> **AIM OF THE TASK**:
Your job is to return each record exactly, minus any pictures.

> **INFORMATION**:
- Opening Delimiter -

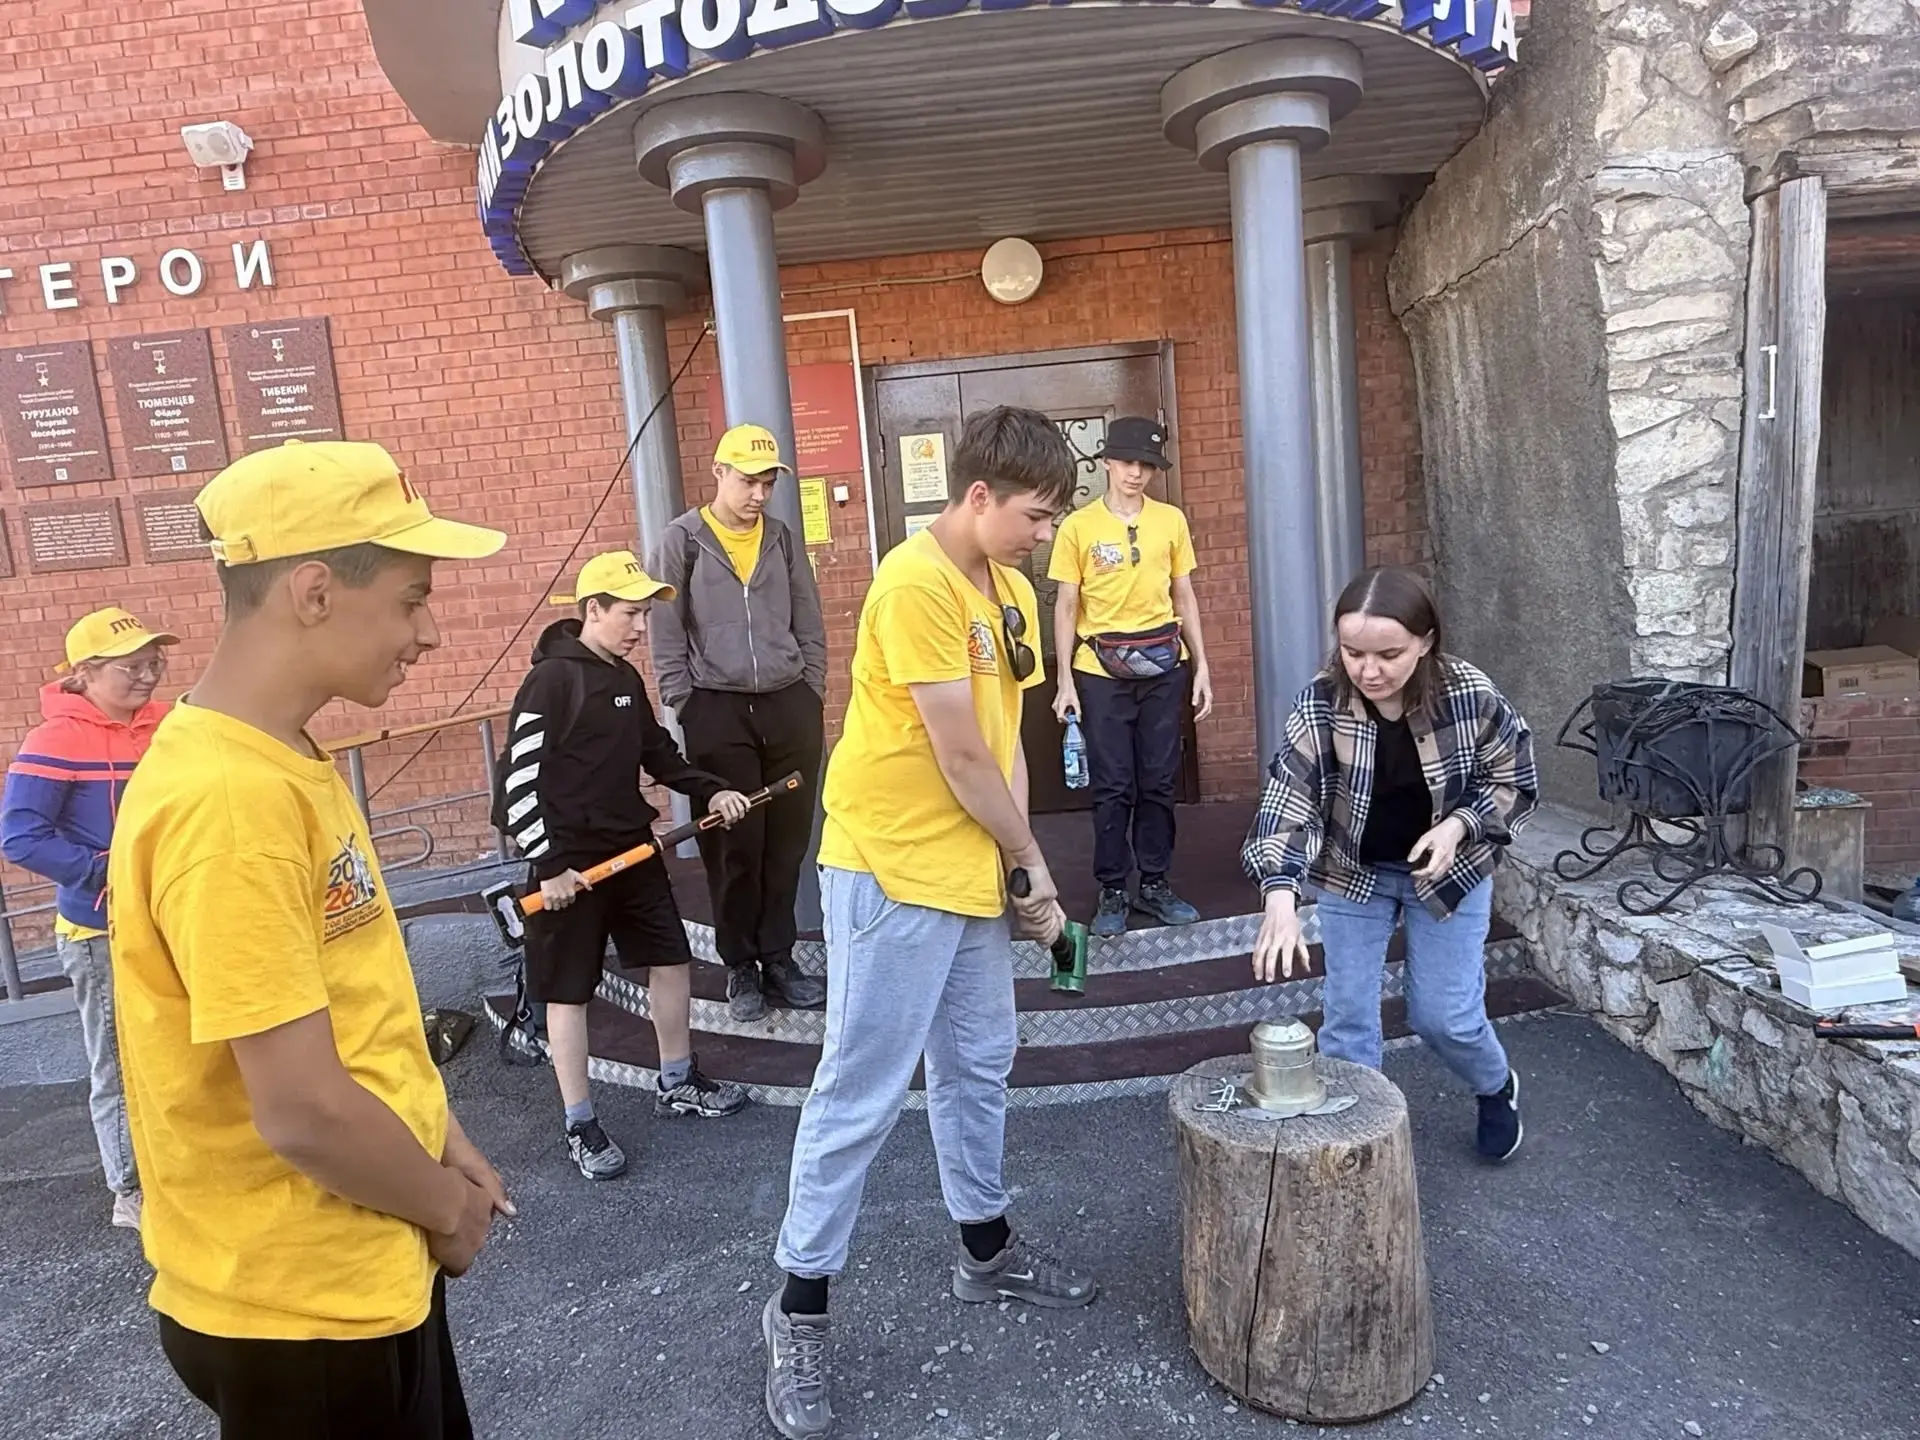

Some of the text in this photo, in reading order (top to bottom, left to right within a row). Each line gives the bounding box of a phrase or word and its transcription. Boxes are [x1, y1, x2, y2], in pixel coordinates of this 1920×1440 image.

[260, 384, 308, 397] ТИБЕКИН
[137, 395, 195, 409] ТЮМЕНЦЕВ
[276, 397, 296, 405] Олег
[20, 406, 80, 420] ТУРУХАНОВ
[751, 440, 775, 451] ЛТО
[614, 695, 632, 707] OFF
[328, 859, 354, 888] 20
[325, 883, 356, 912] 26
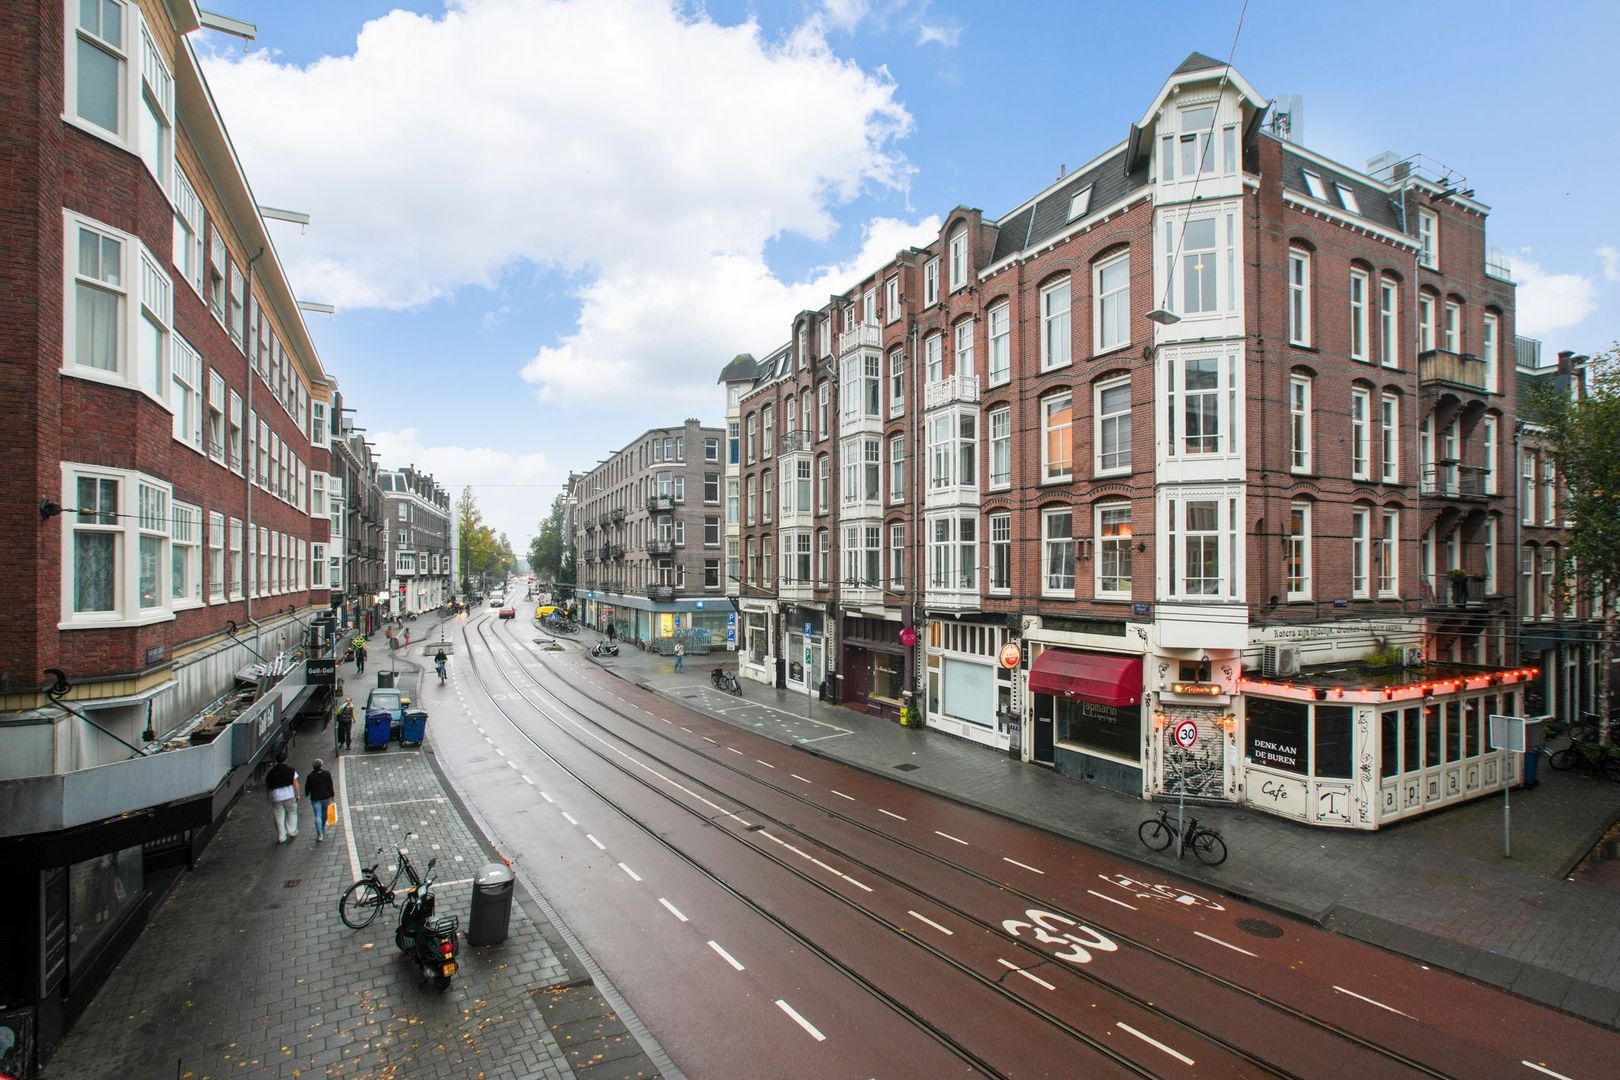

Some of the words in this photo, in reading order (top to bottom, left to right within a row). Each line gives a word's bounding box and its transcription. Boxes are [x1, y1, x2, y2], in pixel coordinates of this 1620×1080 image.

- Closing Delimiter -

> **OUTPUT FOR THIS TASK**:
Some of the text in this photo, in reading order (top to bottom, left to right within a row). Each line gives the bounding box of a phrase or word and its transcription. Boxes are [x1, y1, x2, y2], in pixel coordinates of this 1920×1440 image.

[260, 384, 308, 397] ТИБЕКИН
[137, 395, 195, 409] ТЮМЕНЦЕВ
[276, 397, 296, 405] Олег
[20, 406, 80, 420] ТУРУХАНОВ
[751, 440, 775, 451] ЛТО
[614, 695, 632, 707] OFF
[328, 859, 354, 888] 20
[325, 883, 356, 912] 26

Some of the words in this photo, in reading order (top to bottom, left to right within a row). Each line gives a word's bounding box and its transcription. Boxes are [x1, y1, x2, y2], in pixel coordinates of this 1620×1080 image.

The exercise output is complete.